*WHAT YOU WILL DO*. Would you reproduce every record exactly, leaving out the pictures?

******

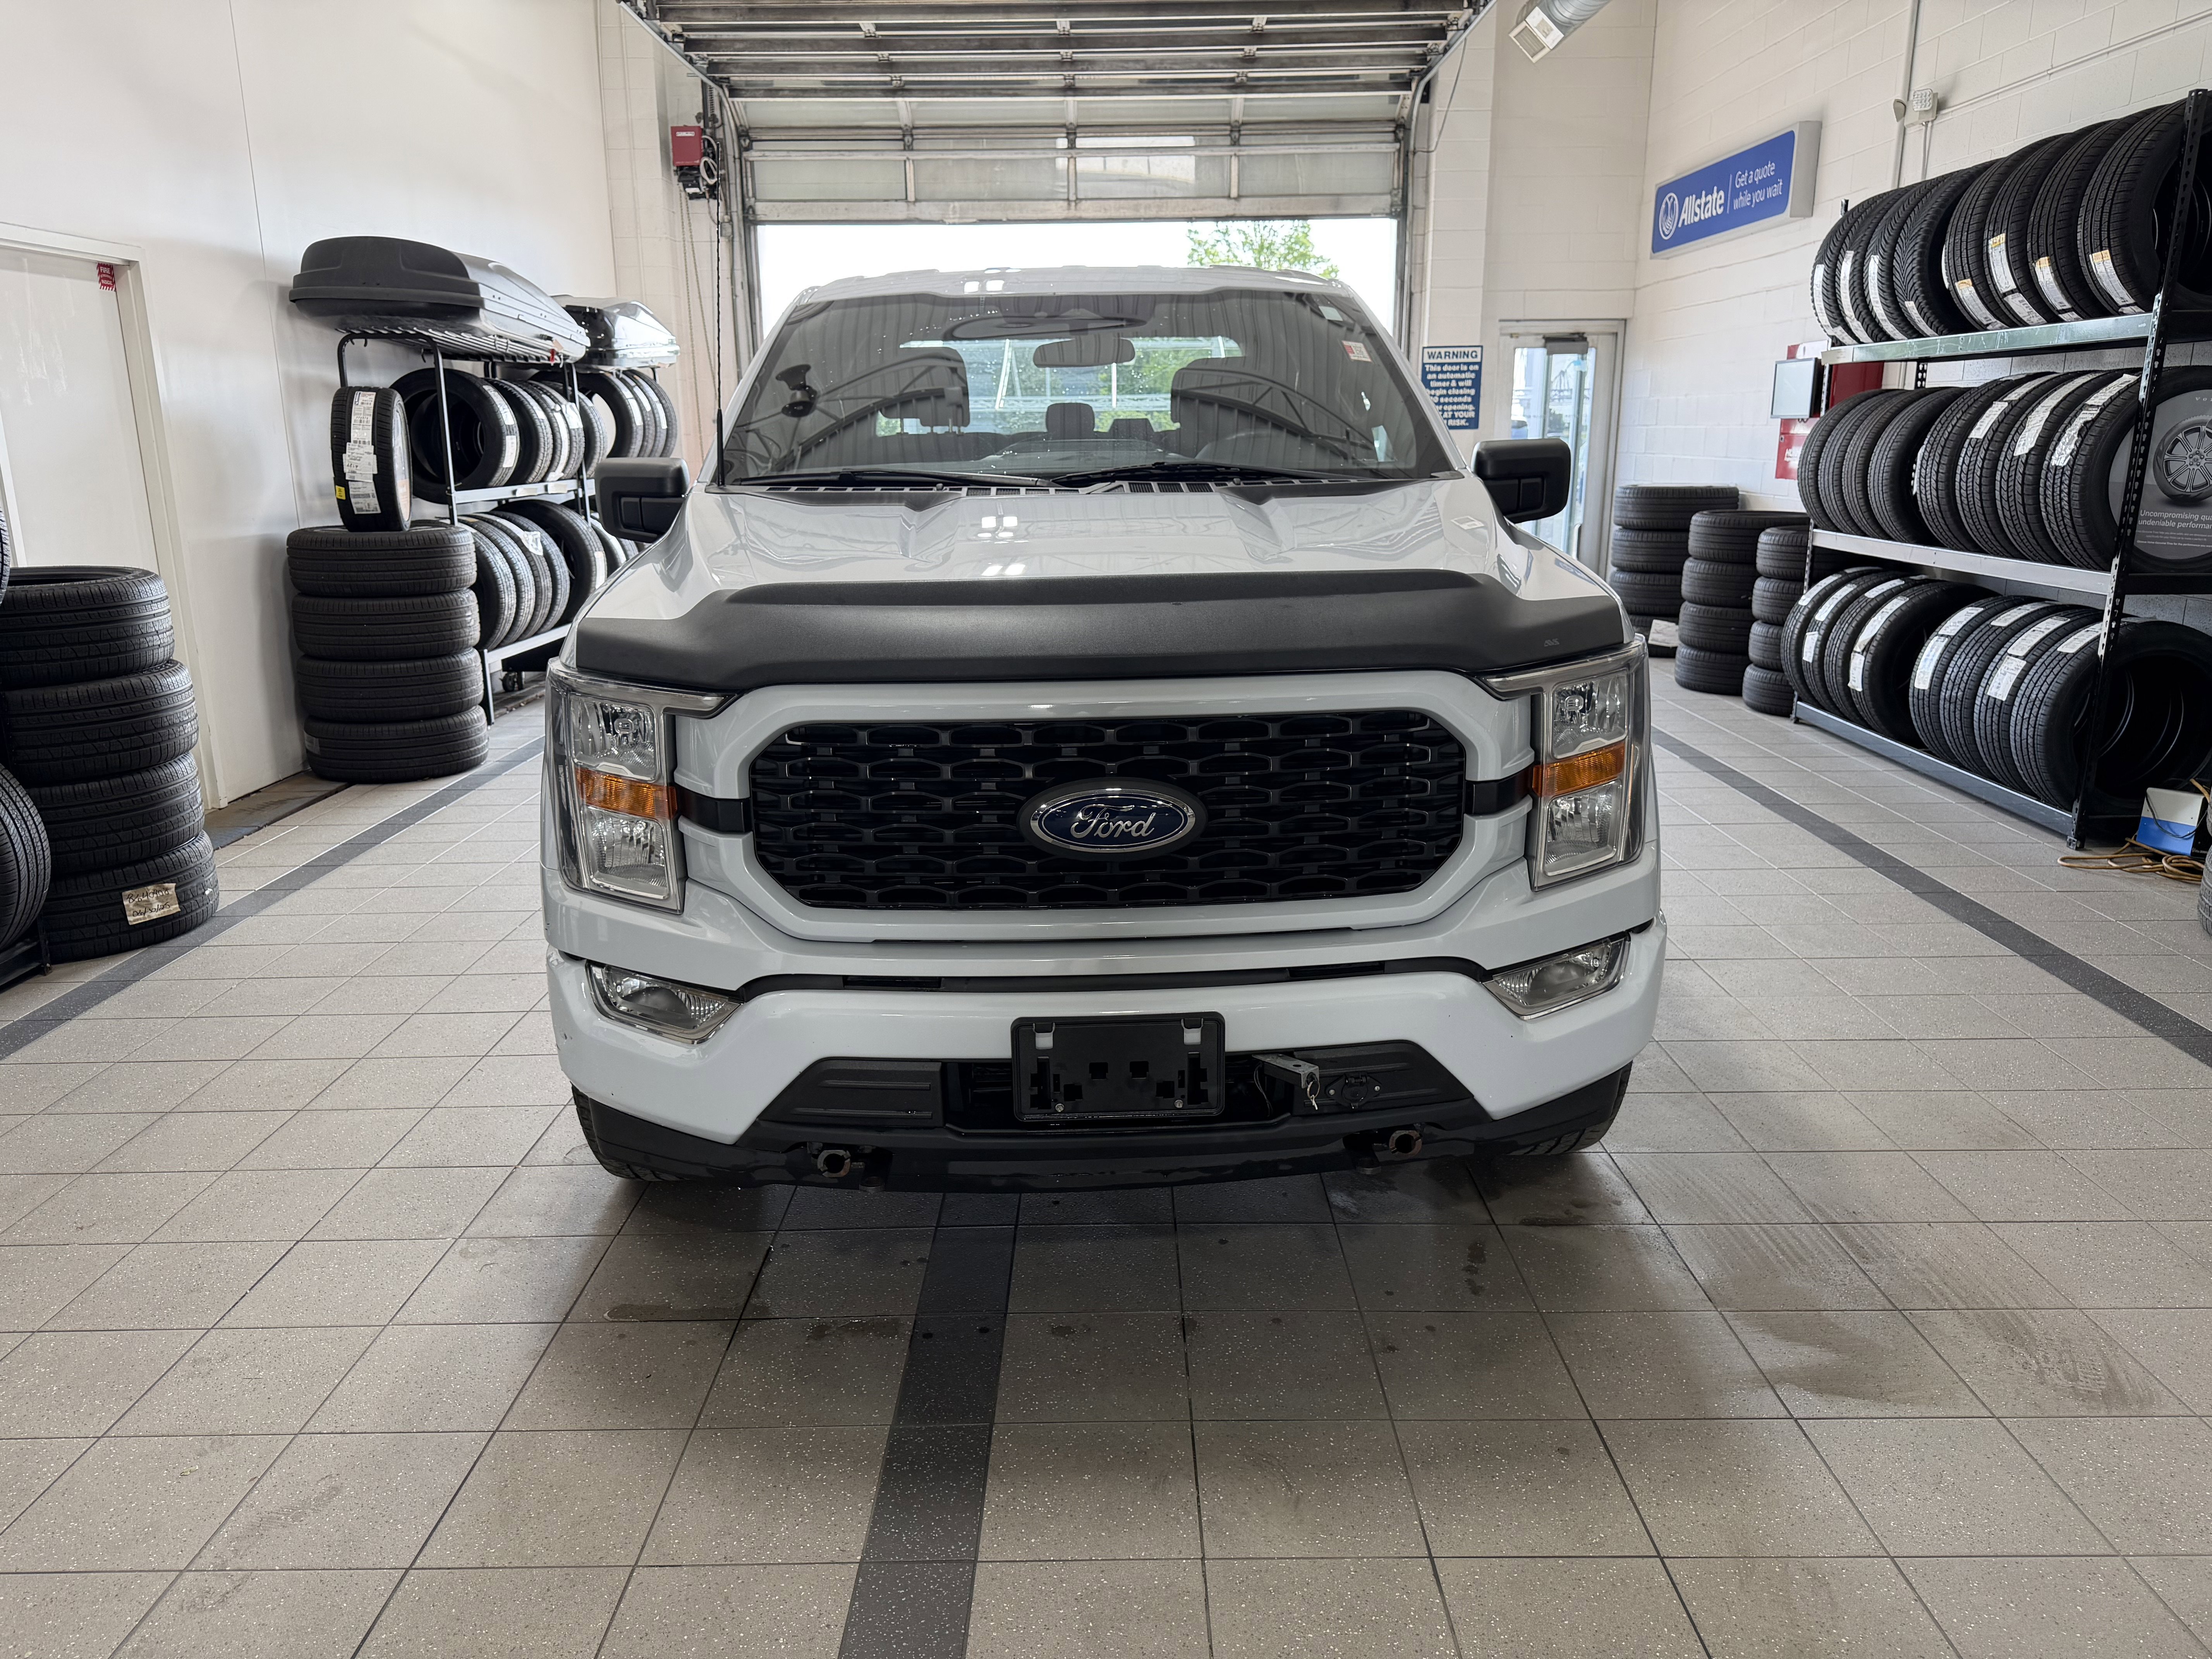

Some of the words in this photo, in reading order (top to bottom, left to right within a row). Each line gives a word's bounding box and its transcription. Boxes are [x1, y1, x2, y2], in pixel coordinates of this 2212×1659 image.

[1735, 170, 1748, 188] Get
[1748, 171, 1753, 184] a
[1754, 160, 1776, 184] quote
[1678, 186, 1724, 227] Allstate
[1733, 189, 1751, 210] while
[1752, 188, 1765, 208] you
[1767, 179, 1783, 198] wait
[1427, 350, 1477, 359] WARNING
[2138, 519, 2176, 527] undeniable
[2140, 510, 2199, 521] Uncompromising
[1070, 804, 1156, 838] Ford

******

*YOUR RESPONSE*.
Some of the words in this photo, in reading order (top to bottom, left to right within a row). Each line gives a word's bounding box and its transcription. Boxes are [x1, y1, x2, y2], in pixel coordinates of this 2212×1659 image.

[1735, 170, 1748, 188] Get
[1748, 171, 1753, 184] a
[1754, 160, 1776, 184] quote
[1678, 186, 1724, 227] Allstate
[1733, 189, 1751, 210] while
[1752, 188, 1765, 208] you
[1767, 179, 1783, 198] wait
[1427, 350, 1477, 359] WARNING
[2138, 519, 2176, 527] undeniable
[2140, 510, 2199, 521] Uncompromising
[1070, 804, 1156, 838] Ford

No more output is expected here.